As mentioned, I had completed my remarks and was standing amidst the departing luncheon attendees when she emerged from the mix of people. She wore the brown uniform of the hotel’s service corps, and her manner was hesitant; yet it was clear that she had something she wanted to say.
What she said was, “Thank you for speaking about schizophrenia.”
I sensed the urgency behind this polite comment and asked her: “Is there a history in your family?”
She hesitated for a moment, as if trying to decide whether she could trust me with an answer, and then:
“My mother. And my brother.”
There is no way to prepare for a response like this, no matter how much you expect it, no matter how often it comes. One rule of thumb is to avoid “condolences.”
I asked her the only questions that seem fitting, and necessary:
“Are they getting treatment? Are they on medications?”
She smiled just a little before answering; and the smile should have told me everything I needed to know. But she spelled it out anyway.
“Black folks don’t like to get treatment. Black folks see it as a white man’s disease.”
While I was digesting this, she added: “Black men don’t like to talk about mental illness. They see it as a sign of weakness.”
And then, as if recognizing the need to explain the obvious to a blockhead (accurate, I suppose, in this instance): “So, no. They aren’t getting any treatment.”
And there it was: a key to the inner realities of a sub-sub-nation. The culturally learned set of attitudes that makes it all the harder for doctors and psychiatrists to intervene in the mental-illness crises of African-Americans. African-American men in particular, who routinely suffer violations of their self-respect, their safety, their very humanity, at the hands (and guns) of those who view them as inherently alien, dangerous, unworthy of inclusion in society.
Which, when you think about it, is exactly the same way that many people view the mentally ill in general.
I left the Intercontinental Hotel in Cleveland as the educated educator. I thought of my friends Madeline McCray and Terrie Williams, and about the exasperation they must have felt at my failure to cross that border. Felt silently, without rebuke, in the way many African-Americans experience the myopia of their white friends.
Back home, I sought to verify the viewpoint of the young service-worker at the Intercontinental in Cleveland. Below are some samples of what I came up with. There are more, many more, as a Google search of “African Americans mental illness” will show.
–That African Americans are 20 percent more likely to experience serious mental health problems than the general population, owing in part to the exceptional stress they experience just living their lives. The problems include major depression, attention deficit hyperactivity disorder, recourse to suicide, and post-traumatic stress disorder (this last because African Americans are especially likely to be victims of violent crime).

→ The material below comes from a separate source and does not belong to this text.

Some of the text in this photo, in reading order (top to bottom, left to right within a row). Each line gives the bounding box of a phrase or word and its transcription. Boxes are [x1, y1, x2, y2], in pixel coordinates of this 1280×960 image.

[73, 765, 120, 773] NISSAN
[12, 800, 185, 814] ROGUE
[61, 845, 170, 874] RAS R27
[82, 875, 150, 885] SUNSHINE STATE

–That many black Americans misunderstand what a mental health condition is and don’t talk about it. Many thus believe that a mental health condition is a personal weakness punishment from God.

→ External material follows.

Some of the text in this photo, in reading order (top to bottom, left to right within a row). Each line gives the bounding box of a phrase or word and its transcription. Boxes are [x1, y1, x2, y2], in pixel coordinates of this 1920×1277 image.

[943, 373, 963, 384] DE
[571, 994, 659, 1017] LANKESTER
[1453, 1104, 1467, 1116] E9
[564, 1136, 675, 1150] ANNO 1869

–That stigma—which knows no color lines—triggers especial reluctance among African Americans to discuss mental health issues and seek treatment.
–That a pervasive deficit of information—education—causes many African Americans to have trouble recognizing the symptoms of mental illness and to underestimating its dangers. Some may think of depression as “the blues” “or something to snap out of.”
This has been far from an easy blog entry for me to write. No one likes to own up to failures of understanding, especially in the fraught arena of of racial relations. As with NO ONE CARES ABOUT CRAZY PEOPLE itself, I at first resisted writing it at all. Then I decided I had to write it because it was the truth. I hope that it is read with an understanding that writers are often fallible—just like ordinary people.